[Work required]
All of the data goes into your copy exactly as written. Images do not.

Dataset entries
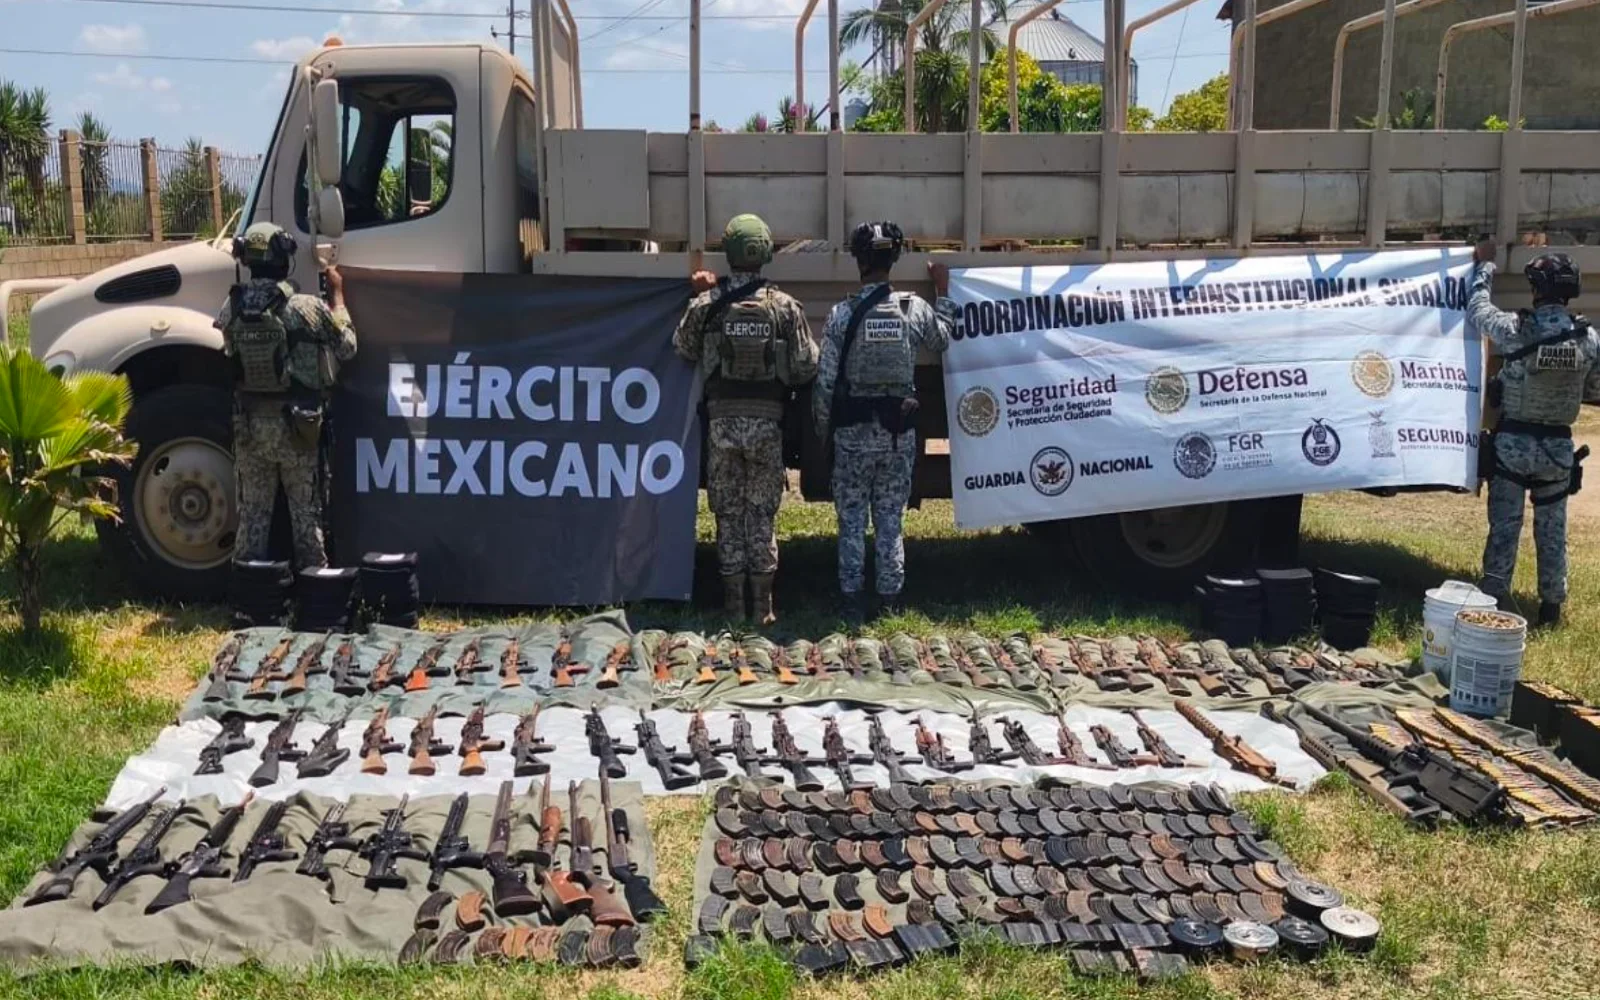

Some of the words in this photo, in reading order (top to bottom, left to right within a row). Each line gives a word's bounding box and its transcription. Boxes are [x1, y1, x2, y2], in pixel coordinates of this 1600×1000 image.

[951, 286, 1126, 341] COORDINACIÓN
[1378, 277, 1468, 311] SINALOA
[866, 320, 900, 330] GUARDIA
[868, 330, 900, 339] NACIONAL
[1198, 367, 1308, 395] Defensa
[1400, 361, 1467, 381] Marina
[387, 352, 661, 424] EJÉRCITO
[1005, 374, 1117, 407] Seguridad
[1443, 381, 1453, 390] de
[1052, 403, 1064, 412] de
[1066, 398, 1112, 412] Seguridad
[1241, 396, 1250, 404] de
[1252, 395, 1259, 403] la
[1261, 392, 1292, 402] Defensa
[1294, 389, 1327, 399] Nacional
[1007, 420, 1013, 429] y
[1015, 413, 1062, 428] Protección
[1064, 408, 1112, 422] Ciudadana
[1228, 433, 1264, 452] FGR
[1397, 428, 1478, 448] SEGURIDAD
[356, 438, 685, 498] MEXICANO
[964, 470, 1026, 490] GUARDIA
[1080, 456, 1153, 476] NACIONAL

[Task answer]
Some of the words in this photo, in reading order (top to bottom, left to right within a row). Each line gives a word's bounding box and its transcription. Boxes are [x1, y1, x2, y2], in pixel coordinates of this 1600×1000 image.

[951, 286, 1126, 341] COORDINACIÓN
[1378, 277, 1468, 311] SINALOA
[866, 320, 900, 330] GUARDIA
[868, 330, 900, 339] NACIONAL
[1198, 367, 1308, 395] Defensa
[1400, 361, 1467, 381] Marina
[387, 352, 661, 424] EJÉRCITO
[1005, 374, 1117, 407] Seguridad
[1443, 381, 1453, 390] de
[1052, 403, 1064, 412] de
[1066, 398, 1112, 412] Seguridad
[1241, 396, 1250, 404] de
[1252, 395, 1259, 403] la
[1261, 392, 1292, 402] Defensa
[1294, 389, 1327, 399] Nacional
[1007, 420, 1013, 429] y
[1015, 413, 1062, 428] Protección
[1064, 408, 1112, 422] Ciudadana
[1228, 433, 1264, 452] FGR
[1397, 428, 1478, 448] SEGURIDAD
[356, 438, 685, 498] MEXICANO
[964, 470, 1026, 490] GUARDIA
[1080, 456, 1153, 476] NACIONAL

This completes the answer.